*DATASET ENTRIES*
◇ ◇ ◇ ◇ ◇ ◇ ◇

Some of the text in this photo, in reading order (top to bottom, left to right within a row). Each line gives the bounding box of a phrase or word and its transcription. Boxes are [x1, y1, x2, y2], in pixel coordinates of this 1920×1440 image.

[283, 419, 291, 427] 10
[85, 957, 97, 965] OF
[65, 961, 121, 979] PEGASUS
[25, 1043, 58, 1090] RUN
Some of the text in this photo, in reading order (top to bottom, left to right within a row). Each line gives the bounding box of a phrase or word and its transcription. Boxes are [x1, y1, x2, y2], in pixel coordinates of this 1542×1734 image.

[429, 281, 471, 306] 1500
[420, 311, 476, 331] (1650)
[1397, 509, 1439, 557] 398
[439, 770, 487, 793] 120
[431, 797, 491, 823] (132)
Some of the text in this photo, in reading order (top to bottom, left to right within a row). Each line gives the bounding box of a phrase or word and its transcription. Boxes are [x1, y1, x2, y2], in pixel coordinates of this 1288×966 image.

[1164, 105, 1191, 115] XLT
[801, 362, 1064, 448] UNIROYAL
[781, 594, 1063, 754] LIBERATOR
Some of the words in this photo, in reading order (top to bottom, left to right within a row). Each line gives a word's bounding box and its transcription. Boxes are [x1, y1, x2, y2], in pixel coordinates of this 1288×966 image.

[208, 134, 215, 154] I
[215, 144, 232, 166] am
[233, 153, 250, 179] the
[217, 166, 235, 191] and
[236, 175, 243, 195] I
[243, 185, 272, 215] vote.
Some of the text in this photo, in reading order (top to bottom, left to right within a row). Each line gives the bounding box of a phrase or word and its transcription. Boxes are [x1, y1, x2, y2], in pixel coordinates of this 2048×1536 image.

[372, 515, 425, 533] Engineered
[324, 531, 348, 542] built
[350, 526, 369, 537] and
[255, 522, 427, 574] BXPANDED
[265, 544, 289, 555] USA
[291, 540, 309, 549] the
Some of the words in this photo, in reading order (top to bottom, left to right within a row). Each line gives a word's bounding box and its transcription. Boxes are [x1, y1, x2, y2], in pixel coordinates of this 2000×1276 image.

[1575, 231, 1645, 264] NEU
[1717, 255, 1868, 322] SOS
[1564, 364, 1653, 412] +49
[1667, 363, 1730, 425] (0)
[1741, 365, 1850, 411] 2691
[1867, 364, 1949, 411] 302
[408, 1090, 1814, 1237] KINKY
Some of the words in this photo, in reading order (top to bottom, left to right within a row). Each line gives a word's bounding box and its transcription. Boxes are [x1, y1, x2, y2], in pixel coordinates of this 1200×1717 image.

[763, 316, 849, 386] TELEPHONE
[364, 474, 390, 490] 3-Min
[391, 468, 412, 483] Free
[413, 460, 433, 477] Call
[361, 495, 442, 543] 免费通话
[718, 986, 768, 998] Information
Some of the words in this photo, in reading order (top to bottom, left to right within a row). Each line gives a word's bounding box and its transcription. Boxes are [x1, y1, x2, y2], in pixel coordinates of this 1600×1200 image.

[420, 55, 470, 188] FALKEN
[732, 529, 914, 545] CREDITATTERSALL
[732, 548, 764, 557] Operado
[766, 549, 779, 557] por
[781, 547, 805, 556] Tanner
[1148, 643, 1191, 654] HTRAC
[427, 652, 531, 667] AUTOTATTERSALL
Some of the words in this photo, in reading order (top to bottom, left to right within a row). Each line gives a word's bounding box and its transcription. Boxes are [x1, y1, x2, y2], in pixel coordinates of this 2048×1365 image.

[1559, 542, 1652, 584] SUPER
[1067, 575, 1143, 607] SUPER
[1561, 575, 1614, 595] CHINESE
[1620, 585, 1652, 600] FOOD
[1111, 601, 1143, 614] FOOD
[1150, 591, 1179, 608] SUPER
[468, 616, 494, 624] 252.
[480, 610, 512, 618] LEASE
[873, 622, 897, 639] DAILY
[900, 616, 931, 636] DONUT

◇ ◇ ◇ ◇ ◇ ◇ ◇

*EXERCISE DETAILS*
Could you retype every line of the data exactly?

*FINAL ANSWER*
Some of the text in this photo, in reading order (top to bottom, left to right within a row). Each line gives the bounding box of a phrase or word and its transcription. Boxes are [x1, y1, x2, y2], in pixel coordinates of this 1920×1440 image.

[283, 419, 291, 427] 10
[85, 957, 97, 965] OF
[65, 961, 121, 979] PEGASUS
[25, 1043, 58, 1090] RUN
Some of the text in this photo, in reading order (top to bottom, left to right within a row). Each line gives the bounding box of a phrase or word and its transcription. Boxes are [x1, y1, x2, y2], in pixel coordinates of this 1542×1734 image.

[429, 281, 471, 306] 1500
[420, 311, 476, 331] (1650)
[1397, 509, 1439, 557] 398
[439, 770, 487, 793] 120
[431, 797, 491, 823] (132)
Some of the text in this photo, in reading order (top to bottom, left to right within a row). Each line gives the bounding box of a phrase or word and its transcription. Boxes are [x1, y1, x2, y2], in pixel coordinates of this 1288×966 image.

[1164, 105, 1191, 115] XLT
[801, 362, 1064, 448] UNIROYAL
[781, 594, 1063, 754] LIBERATOR
Some of the words in this photo, in reading order (top to bottom, left to right within a row). Each line gives a word's bounding box and its transcription. Boxes are [x1, y1, x2, y2], in pixel coordinates of this 1288×966 image.

[208, 134, 215, 154] I
[215, 144, 232, 166] am
[233, 153, 250, 179] the
[217, 166, 235, 191] and
[236, 175, 243, 195] I
[243, 185, 272, 215] vote.
Some of the text in this photo, in reading order (top to bottom, left to right within a row). Each line gives the bounding box of a phrase or word and its transcription. Boxes are [x1, y1, x2, y2], in pixel coordinates of this 2048×1536 image.

[372, 515, 425, 533] Engineered
[324, 531, 348, 542] built
[350, 526, 369, 537] and
[255, 522, 427, 574] BXPANDED
[265, 544, 289, 555] USA
[291, 540, 309, 549] the
Some of the words in this photo, in reading order (top to bottom, left to right within a row). Each line gives a word's bounding box and its transcription. Boxes are [x1, y1, x2, y2], in pixel coordinates of this 2000×1276 image.

[1575, 231, 1645, 264] NEU
[1717, 255, 1868, 322] SOS
[1564, 364, 1653, 412] +49
[1667, 363, 1730, 425] (0)
[1741, 365, 1850, 411] 2691
[1867, 364, 1949, 411] 302
[408, 1090, 1814, 1237] KINKY
Some of the words in this photo, in reading order (top to bottom, left to right within a row). Each line gives a word's bounding box and its transcription. Boxes are [x1, y1, x2, y2], in pixel coordinates of this 1200×1717 image.

[763, 316, 849, 386] TELEPHONE
[364, 474, 390, 490] 3-Min
[391, 468, 412, 483] Free
[413, 460, 433, 477] Call
[361, 495, 442, 543] 免费通话
[718, 986, 768, 998] Information
Some of the words in this photo, in reading order (top to bottom, left to right within a row). Each line gives a word's bounding box and its transcription. Boxes are [x1, y1, x2, y2], in pixel coordinates of this 1600×1200 image.

[420, 55, 470, 188] FALKEN
[732, 529, 914, 545] CREDITATTERSALL
[732, 548, 764, 557] Operado
[766, 549, 779, 557] por
[781, 547, 805, 556] Tanner
[1148, 643, 1191, 654] HTRAC
[427, 652, 531, 667] AUTOTATTERSALL
Some of the words in this photo, in reading order (top to bottom, left to right within a row). Each line gives a word's bounding box and its transcription. Boxes are [x1, y1, x2, y2], in pixel coordinates of this 2048×1365 image.

[1559, 542, 1652, 584] SUPER
[1067, 575, 1143, 607] SUPER
[1561, 575, 1614, 595] CHINESE
[1620, 585, 1652, 600] FOOD
[1111, 601, 1143, 614] FOOD
[1150, 591, 1179, 608] SUPER
[468, 616, 494, 624] 252.
[480, 610, 512, 618] LEASE
[873, 622, 897, 639] DAILY
[900, 616, 931, 636] DONUT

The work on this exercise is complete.